[Data excerpts]
/---

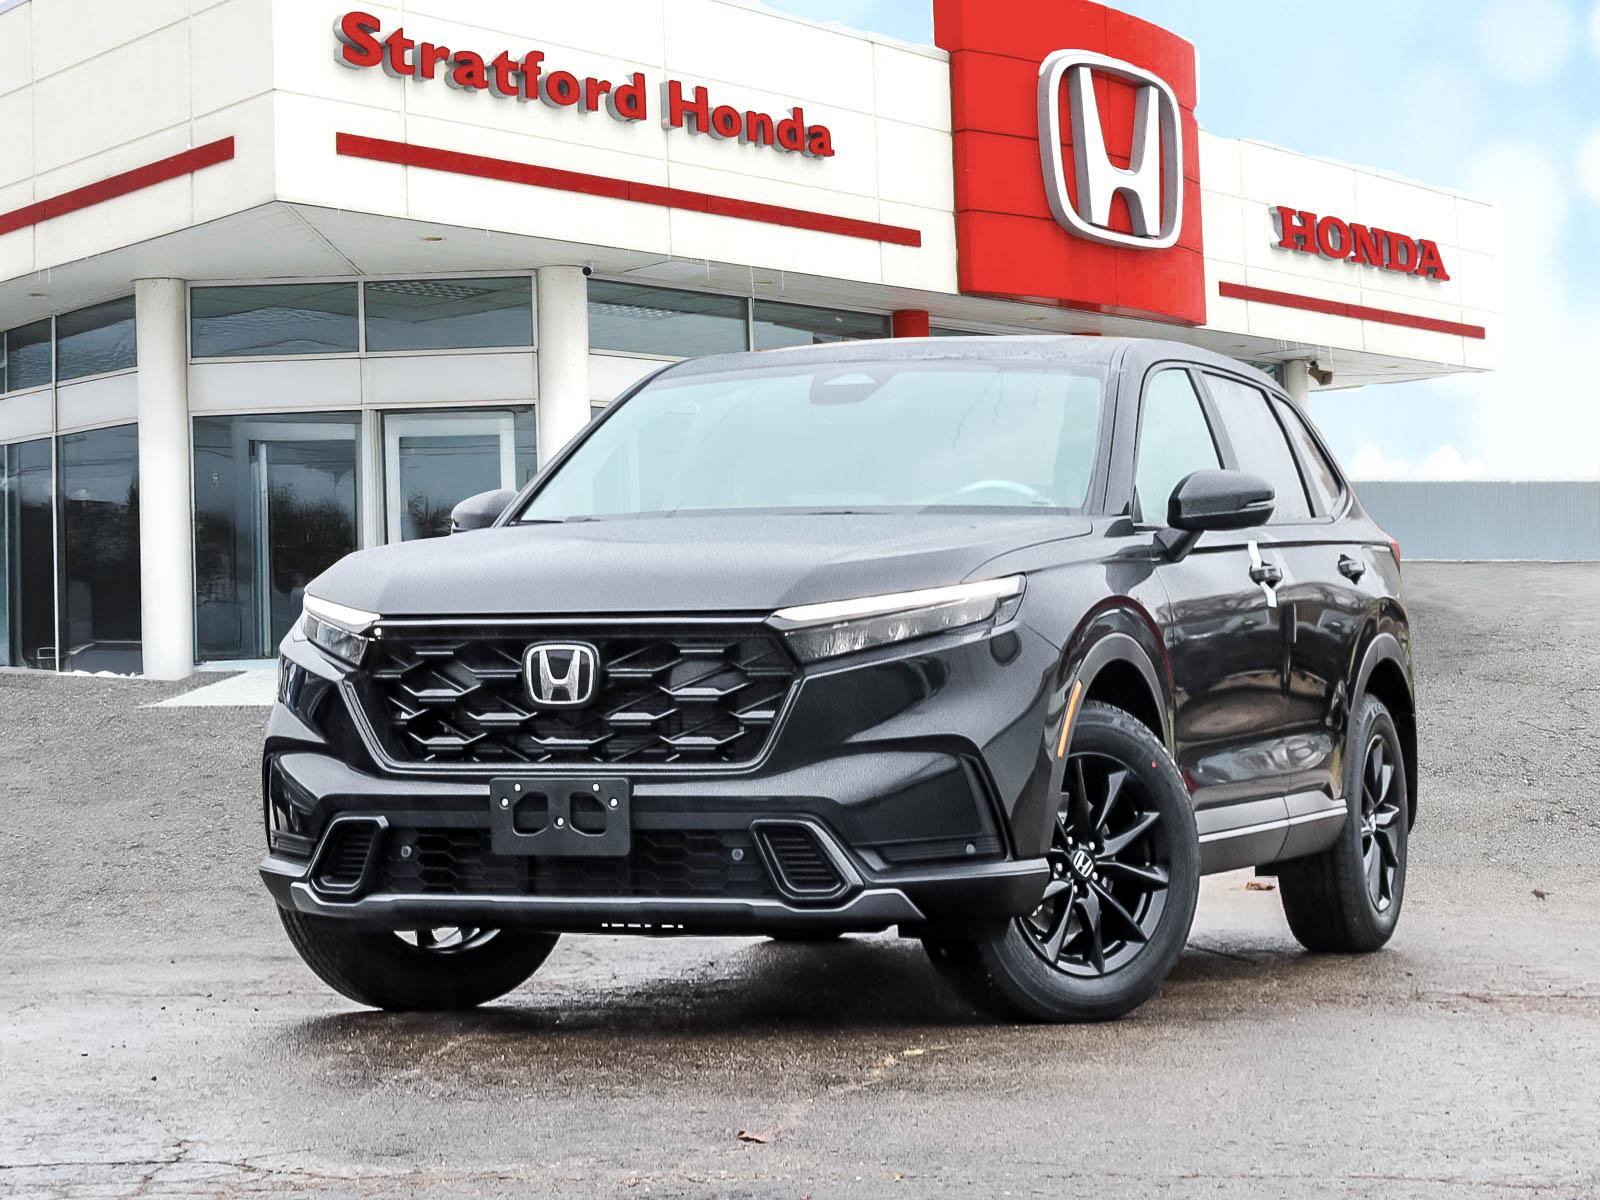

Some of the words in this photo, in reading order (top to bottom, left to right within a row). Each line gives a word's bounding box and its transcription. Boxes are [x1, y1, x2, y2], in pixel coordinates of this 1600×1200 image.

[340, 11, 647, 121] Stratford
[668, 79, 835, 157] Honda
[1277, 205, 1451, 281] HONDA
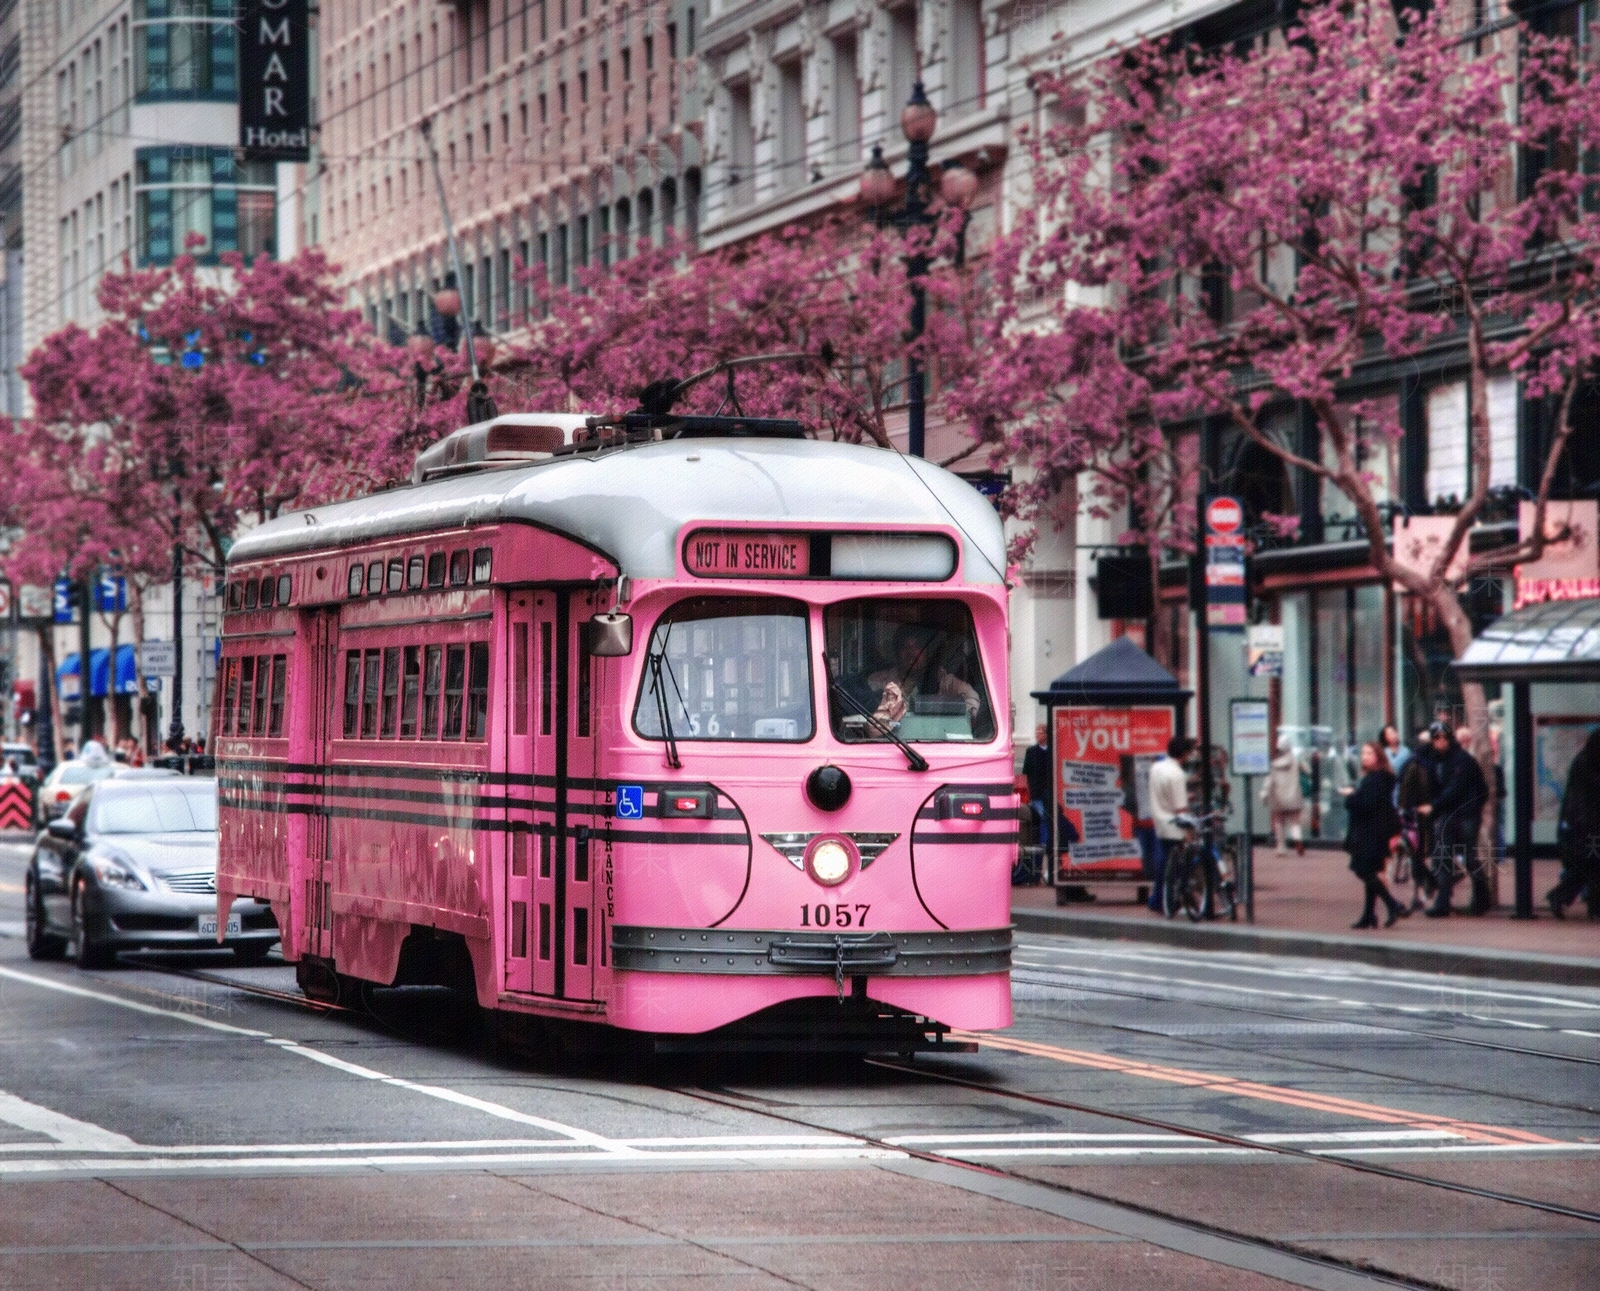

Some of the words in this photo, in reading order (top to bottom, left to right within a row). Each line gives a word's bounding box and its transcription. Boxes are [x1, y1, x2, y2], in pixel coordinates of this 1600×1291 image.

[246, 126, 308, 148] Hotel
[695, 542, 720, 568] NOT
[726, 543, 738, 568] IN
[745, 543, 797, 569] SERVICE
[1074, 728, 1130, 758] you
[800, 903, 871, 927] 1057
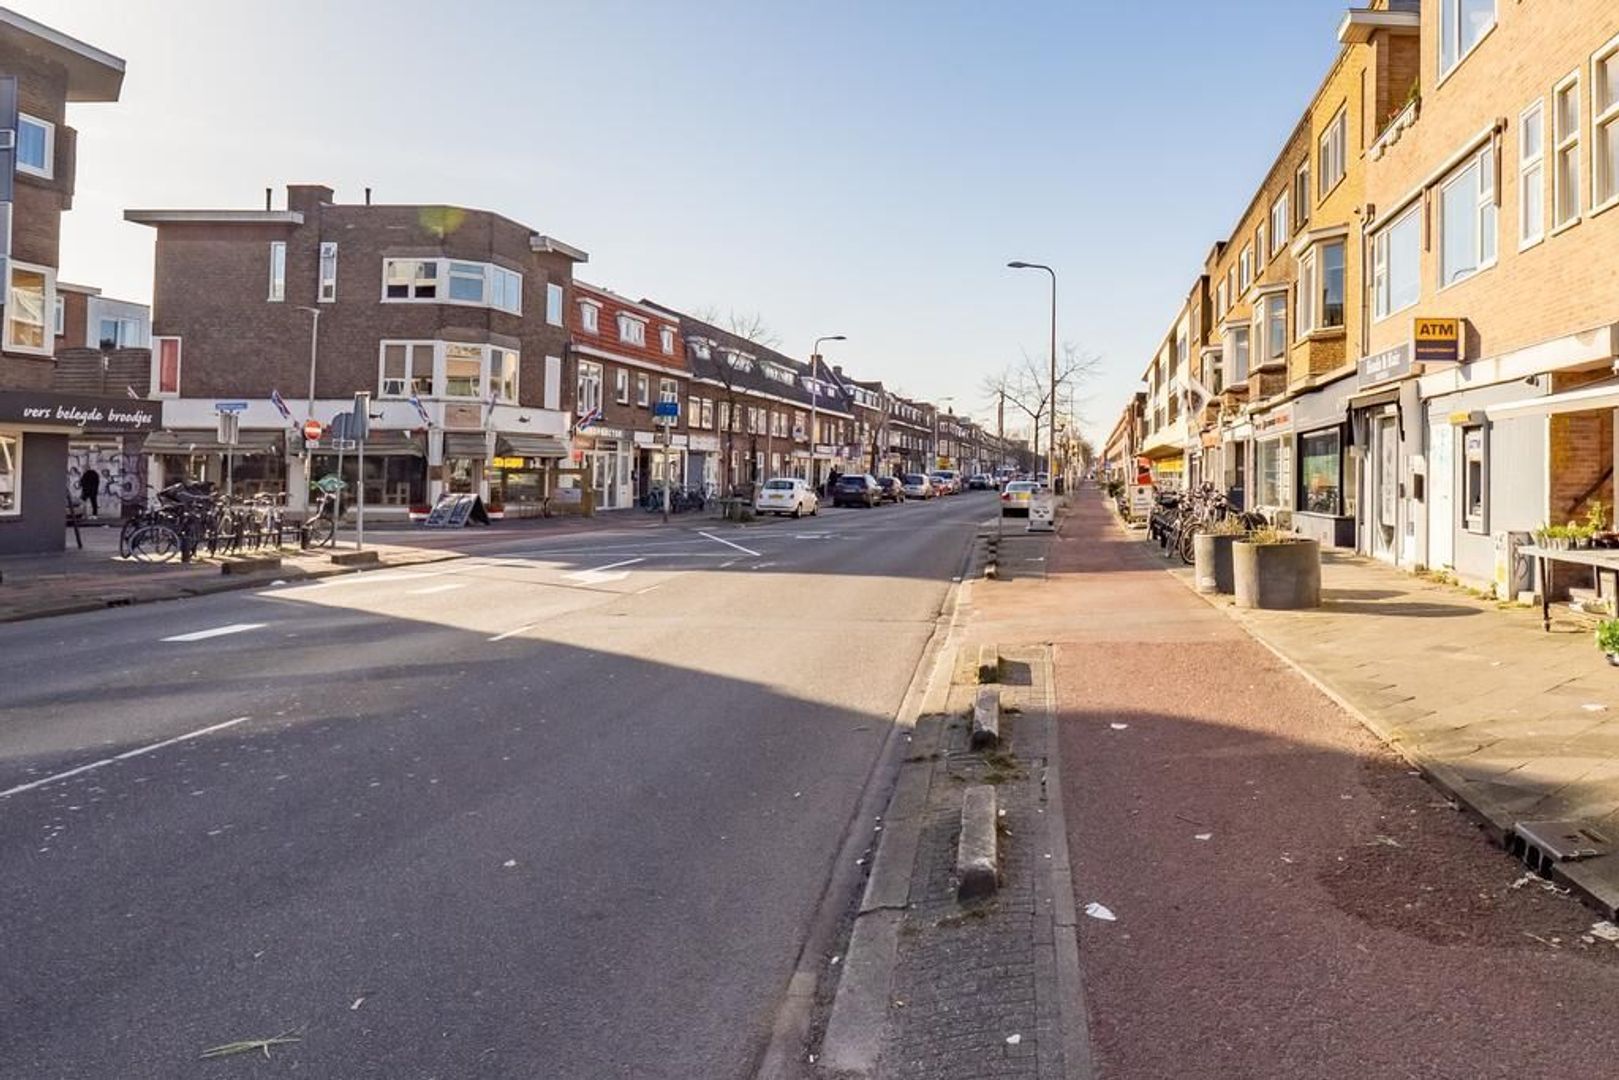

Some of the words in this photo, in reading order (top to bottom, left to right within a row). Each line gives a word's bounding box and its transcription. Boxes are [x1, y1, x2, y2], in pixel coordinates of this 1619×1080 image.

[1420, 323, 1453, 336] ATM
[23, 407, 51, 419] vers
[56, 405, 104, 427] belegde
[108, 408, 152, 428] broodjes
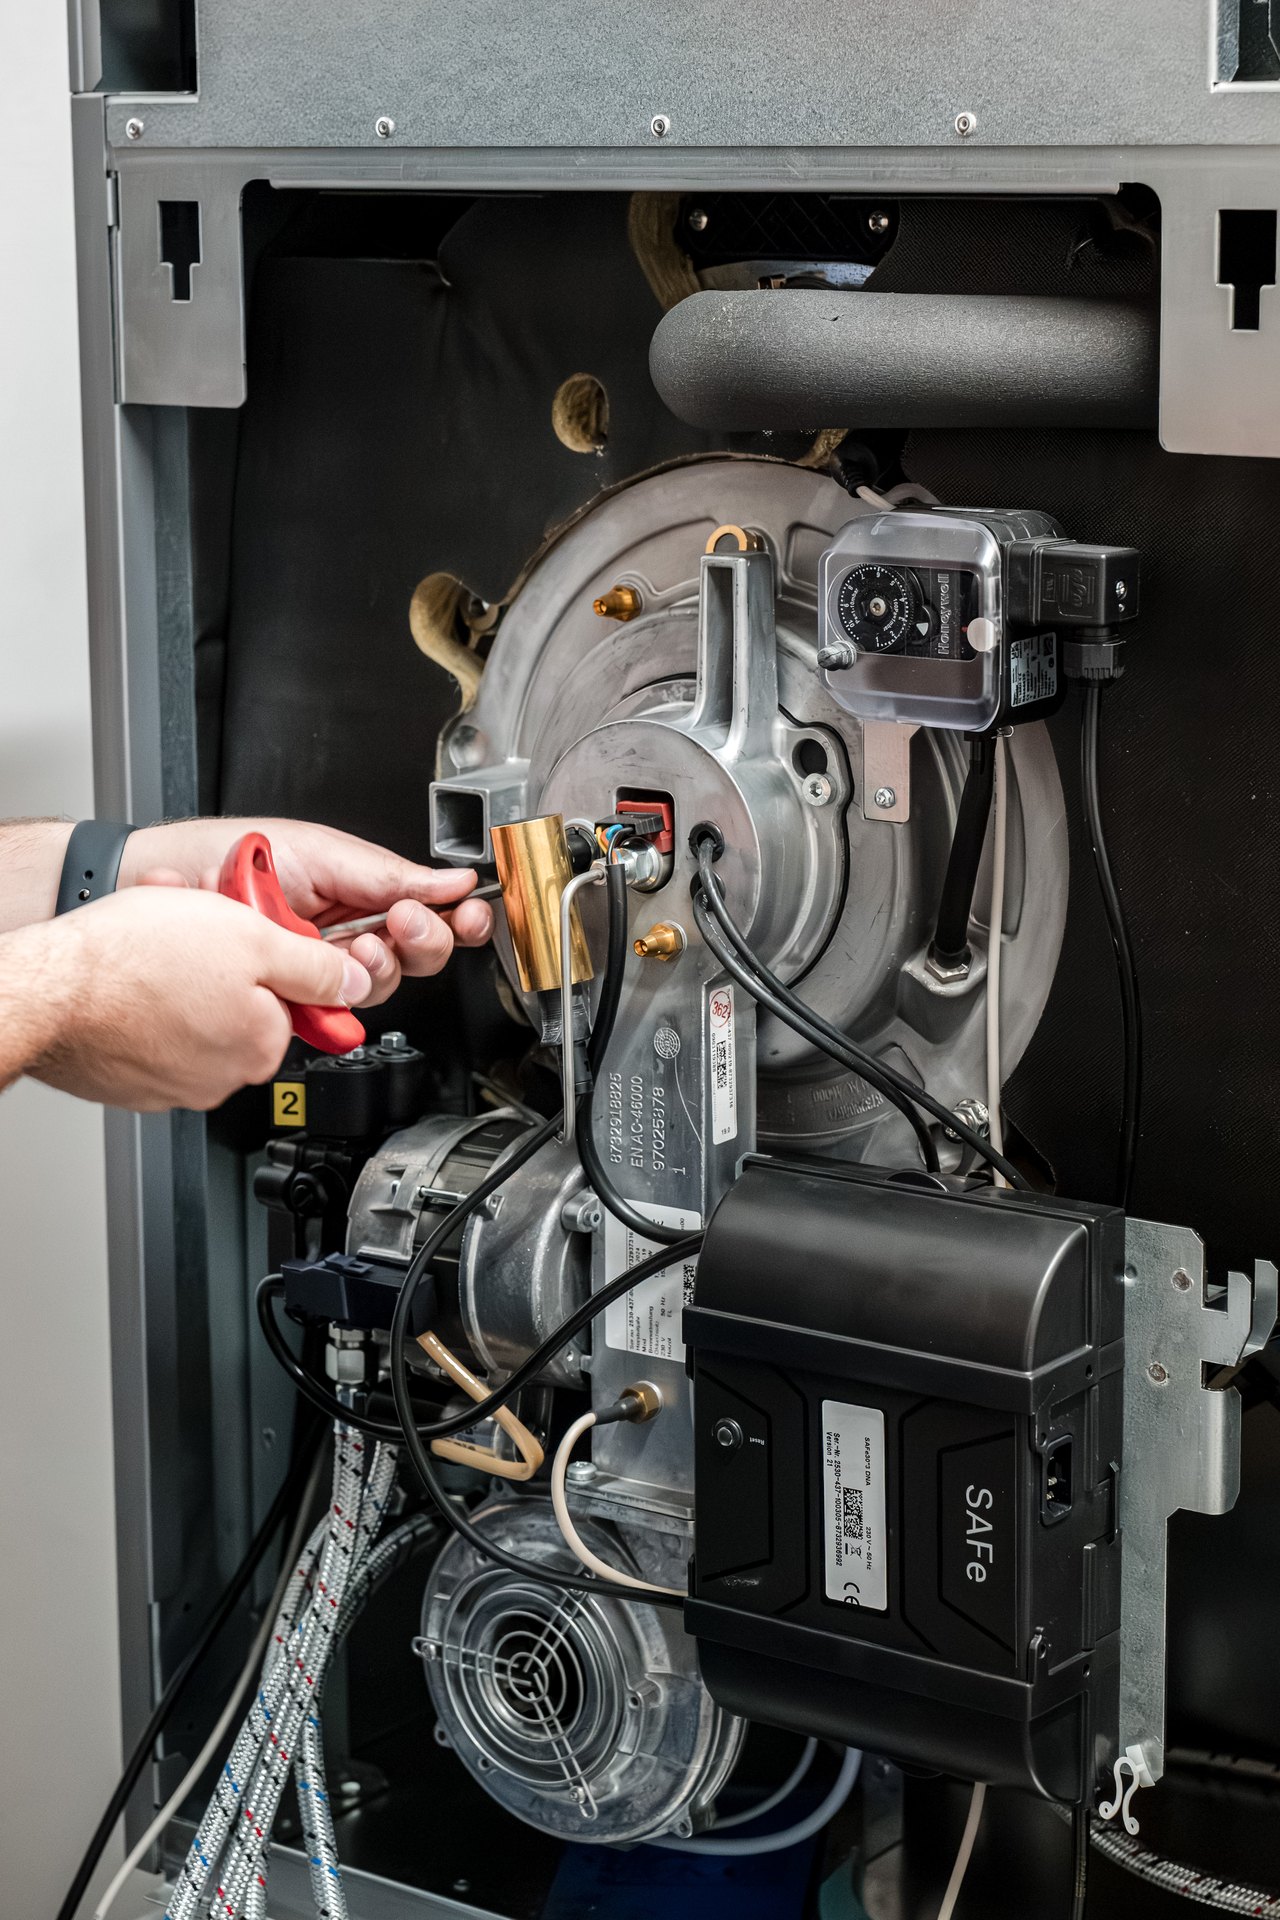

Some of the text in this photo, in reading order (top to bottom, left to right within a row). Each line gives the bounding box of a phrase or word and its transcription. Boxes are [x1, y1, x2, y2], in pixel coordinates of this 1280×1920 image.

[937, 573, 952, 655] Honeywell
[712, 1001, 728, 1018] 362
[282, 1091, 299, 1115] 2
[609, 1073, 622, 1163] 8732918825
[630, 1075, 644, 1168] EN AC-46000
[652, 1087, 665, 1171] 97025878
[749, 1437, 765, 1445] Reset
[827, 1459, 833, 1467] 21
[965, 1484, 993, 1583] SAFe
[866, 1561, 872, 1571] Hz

\---

Take the line with "Some of the text" and every line after it in the data, and please reproduce them exactly, leaving out all other lines.

• Expected output
Some of the text in this photo, in reading order (top to bottom, left to right within a row). Each line gives the bounding box of a phrase or word and its transcription. Boxes are [x1, y1, x2, y2], in pixel coordinates of this 1280×1920 image.

[937, 573, 952, 655] Honeywell
[712, 1001, 728, 1018] 362
[282, 1091, 299, 1115] 2
[609, 1073, 622, 1163] 8732918825
[630, 1075, 644, 1168] EN AC-46000
[652, 1087, 665, 1171] 97025878
[749, 1437, 765, 1445] Reset
[827, 1459, 833, 1467] 21
[965, 1484, 993, 1583] SAFe
[866, 1561, 872, 1571] Hz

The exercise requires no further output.